Restorative Circles’ Session
During the review day, I observed the Year Five Class during a Restorative Circles’ Session in the Hall. There were two groups of children sat in circles around a candle. As in all areas of school, the lighting was atmospheric, there was an essential oils diffuser, mindfulness meditation music with mindfulness images on the screen. Using a teddy to take turns to talk, the children were sharing their problems, such as recent peer conflict, with the group. Together, they then looked for alternative, positive solutions. These sessions take place at least once a week. Any child can share their problem or viewpoint. There are cards available with hypothetical situations on for any children who do not wish to share a personal issue but would like to contribute. There are ‘Bubble Boxes’ in classrooms for pupils to ‘burst’ their worries in. The staff at Faith Primary School listen to the children and do their best to help them resolve any issues they have.

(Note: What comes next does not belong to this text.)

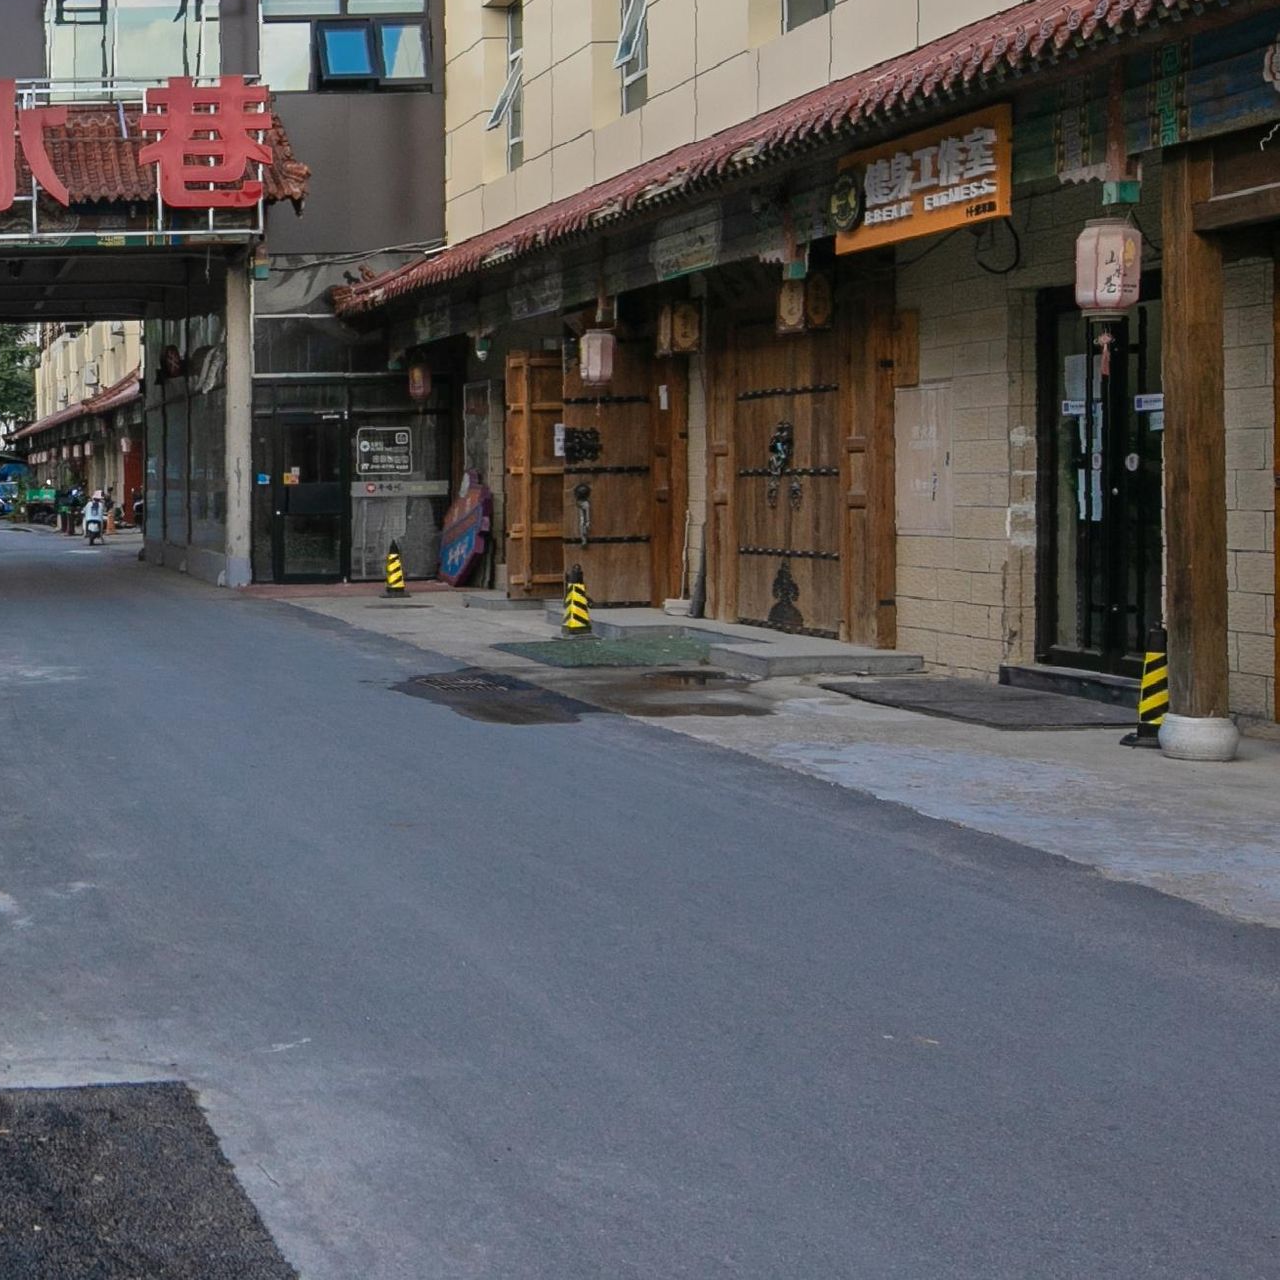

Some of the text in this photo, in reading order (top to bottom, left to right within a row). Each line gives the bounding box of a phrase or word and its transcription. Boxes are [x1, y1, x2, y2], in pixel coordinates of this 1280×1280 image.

In the Reception Class, the children had brought their favourite toys from home into school for the day. One group were sorting pictures of toys by material, another group were mark-making in glitter, others were drawing a picture of their toy and colouring it in. Some were writing the name of the toy. The standards of the pupils’ work was high, and pupils appear to have settled well into the school routines. In a Year One active lesson, pupils were animated whilst exploring the activity outdoors, which was based on the book they are currently reading, Stick Man. There were pictures of emotions with characters from the story hung on trees and different areas around the play area. The children had to sort them into the Zones of Regulation categories. As an extension task, some pupils were challenged to write sentences about the picture, others were asked to use a clause in their sentences too. Pipe cleaners were used to hold the pictures in place across the playground, so pupils had to use their fine motor skills to untie them. They were all enthused and actively participating in the activity. Across all lessons observed, it was clear that pupils with SEND are well supported and fully integrated into the learning. The learning is differentiated to include all learners in the lesson. In the active lessons, instructions were clear so that pupils knew what was expected of them. The pupils carried out the tasks responsibly. Their attitudes towards learning were consistently excellent.
A Special Place
I thoroughly enjoyed my visit to Faith Primary School. It is a special place which has a lasting impact on all who visit due to the wonderfully relaxing and calm environment. There is an all-encompassing inclusive ethos. It is clear from the review process that the team at Faith continue to be fully committed to inclusive practice. They have proved their expertise over the years of IQM accreditation and I believe they have the passion and capacity to continue to drive the inclusion agenda in their own school and beyond.